Mit verständnisvollem Lächeln nickte sie langsam. „Natürlich, machen Sie sich keine Gedanken. Das ist der Job, von dem ich schon immer geträumt habe. Glauben Sie mir, mit mir haben Sie die richtige Besetzung.“
Josh McAllistar zog eine Braue nach oben, bedachte sie mit einem skeptischen Blick, zuckte aber nur Sekunden später mit den Schultern. „Na, wenn Sie meinen. Umso besser. Montag geht es los. Seien Sie pünktlich um neun Uhr für die Lagebesprechung da. Es ist der erste Tag von Santa Claus, und wir erwarten einen Run wie jedes Jahr.“
Bettys Herz hüpfte vor Glück. Sie würde nicht nur in einem der edelsten Kaufhäuser New Yorks als Verkäuferin arbeiten, sondern könnte in ihrer Mittagspause auch noch Zuckerstangen bei Santa abstauben. „Ich werde überpünktlich sein“, versicherte sie ihrem neuen Boss freudestrahlend.

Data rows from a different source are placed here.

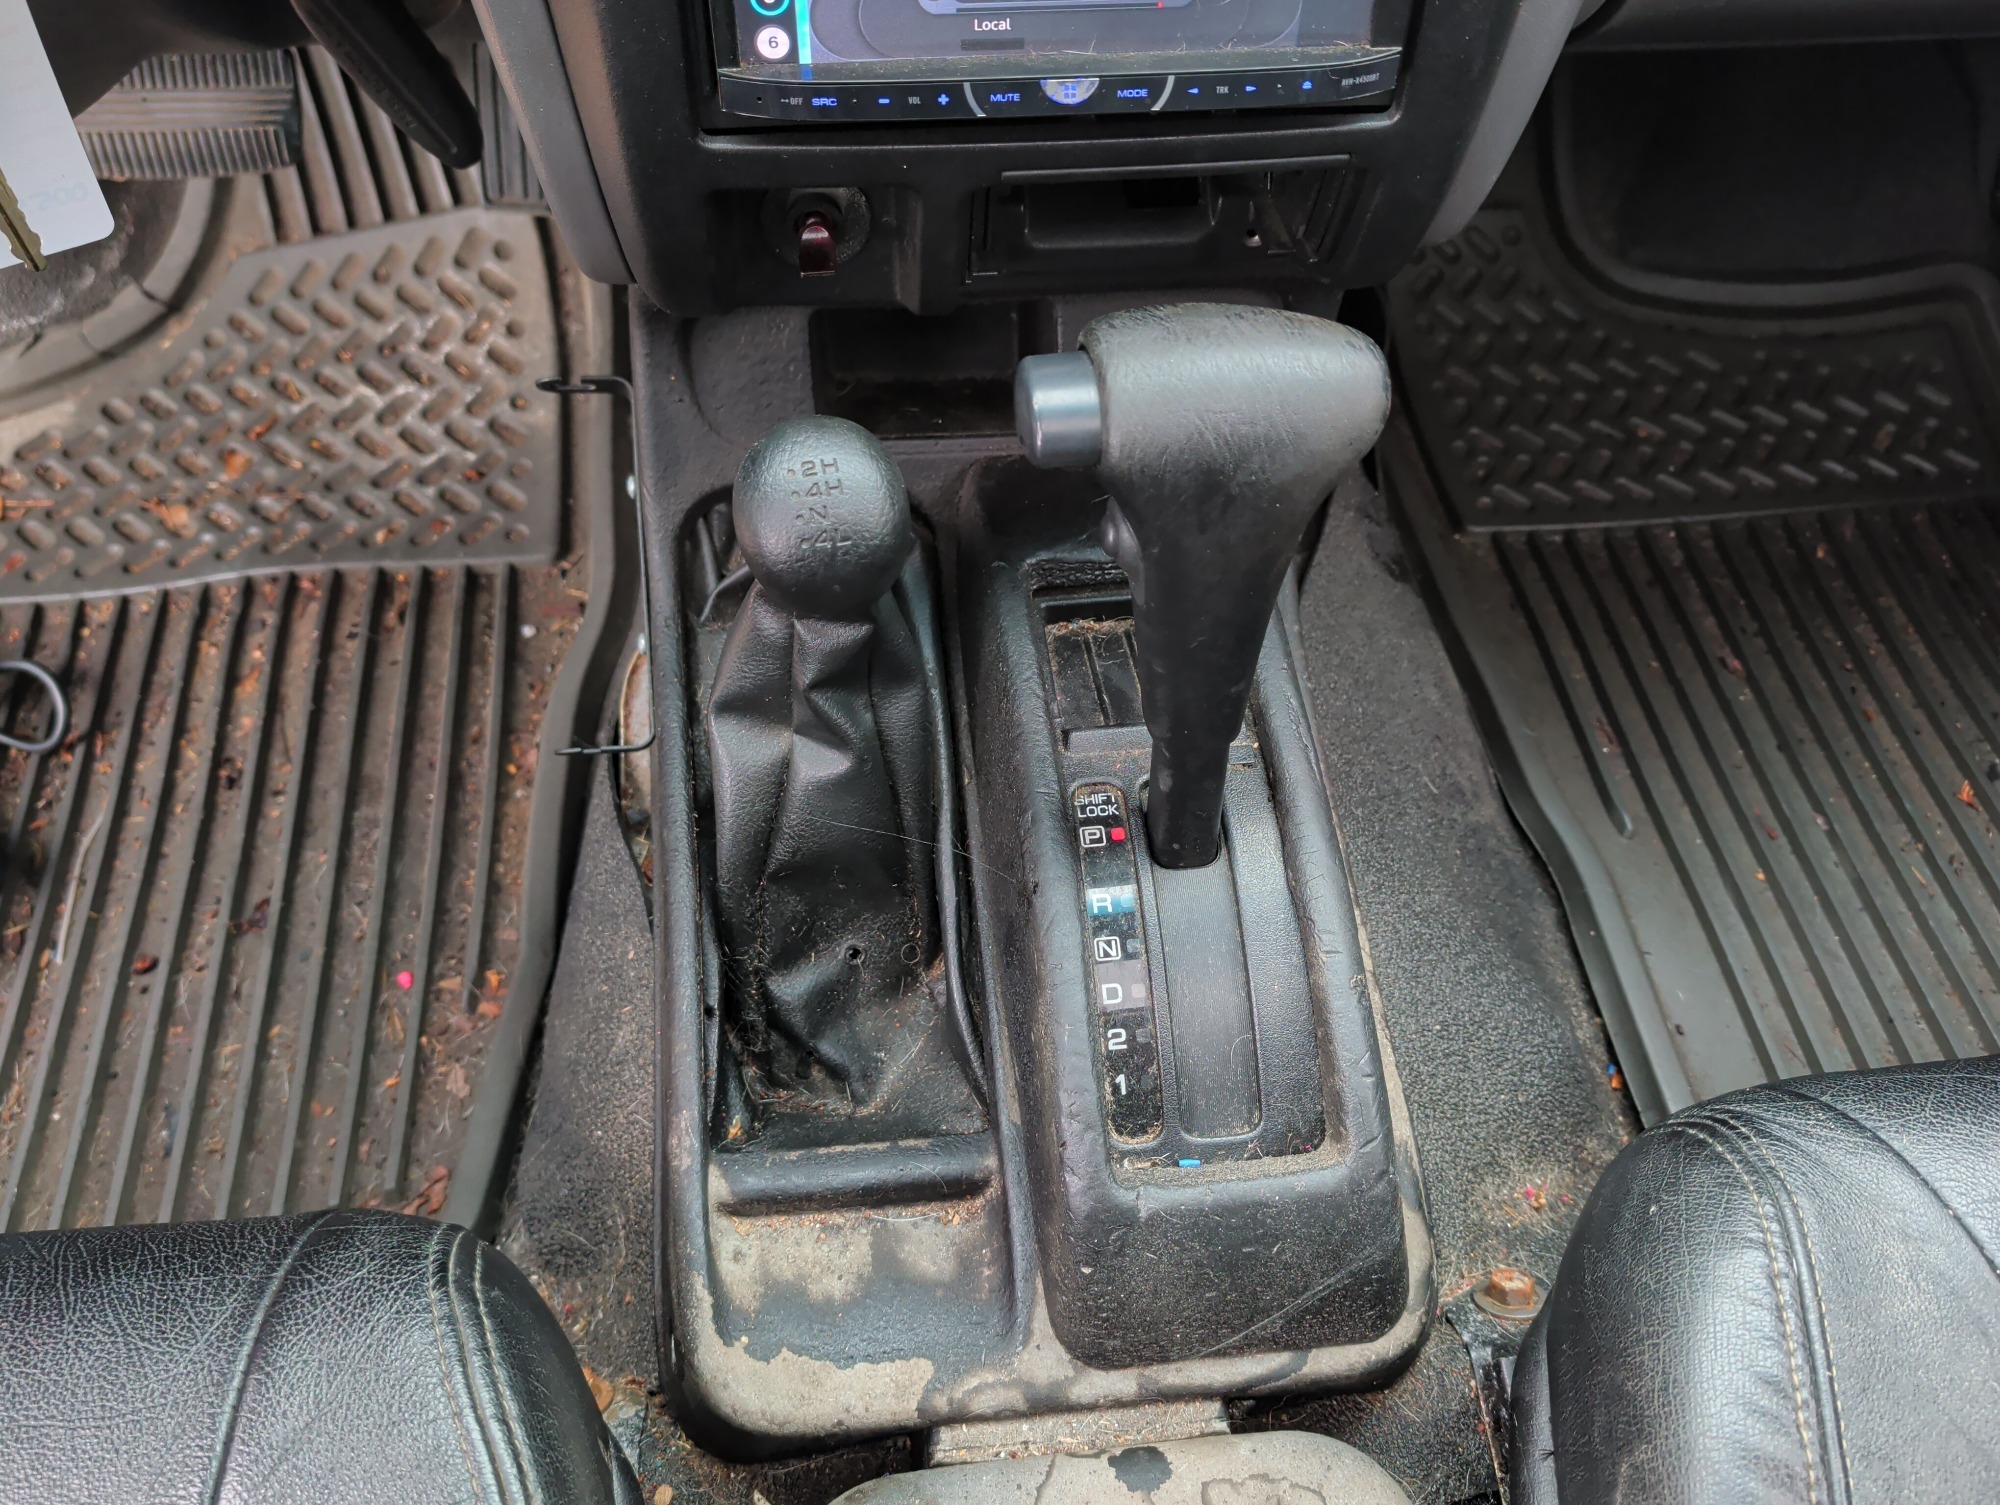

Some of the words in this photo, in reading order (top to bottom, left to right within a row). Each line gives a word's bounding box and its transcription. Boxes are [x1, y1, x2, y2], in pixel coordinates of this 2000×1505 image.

[974, 18, 1011, 31] Local
[768, 36, 780, 49] 6
[990, 93, 1021, 102] MUTE
[1117, 88, 1148, 98] MODE
[1216, 86, 1229, 94] TRK
[790, 97, 803, 105] OFF
[811, 98, 838, 106] SRC
[908, 96, 921, 105] VOL
[801, 457, 839, 478] 2H
[805, 478, 844, 497] 4H
[808, 504, 832, 524] N
[1074, 792, 1116, 806] SHIFT
[1077, 803, 1119, 818] LOCK
[1084, 829, 1101, 845] P
[1091, 893, 1113, 914] R
[1098, 939, 1118, 958] N
[1101, 983, 1123, 1005] D
[1107, 1028, 1127, 1050] 2
[1114, 1073, 1126, 1096] 1

Dieser drückte auf einen Knopf an seinem Laptop. Leises Rauschen ertönte, bevor er sprach. „Laura, bringen Sie Ms. Davis bitte ihr Kostüm.“
Gerade noch so konnte Betty sich davon abhalten, begeistert in die Hände zu klatschen. Sie hatte nicht damit gerechnet, ein Outfit gestellt zu bekommen. Allerdings war es logisch, trugen doch alle Verkäuferin diese schicken Sets aus schwarzen Shirts und Röcken mit diesen leicht spießigen, wenn auch irgendwie niedlichen Halstüchern. Sie hätte ausflippen können vor Freude, als Laura zur Tür hereinkam. Doch eine Sekunde später fiel ihr Blick auf etwas Giftgrünes in deren perfekt manikürten Fingern.
Lächelnd streckte Laura ihr die Scheußlichkeit entgegen.

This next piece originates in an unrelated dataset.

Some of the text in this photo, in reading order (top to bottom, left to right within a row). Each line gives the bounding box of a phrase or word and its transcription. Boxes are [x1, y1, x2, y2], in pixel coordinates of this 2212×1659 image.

Mit angestrengt hochgezogenen Mundwinkeln blickte Betty erst seine Assistentin und dann Mr. McAllistar an. „Was genau ist das?“
Ihr neuer Chef schenkte ihr einen gestressten, mit einer Portion Genervtheit gespickten Blick. „Ihr Kostüm. Was sonst?“
„Tragen das alle Verkäuferinnen zur Weihnachtszeit?“, fragte sie noch immer verwirrt.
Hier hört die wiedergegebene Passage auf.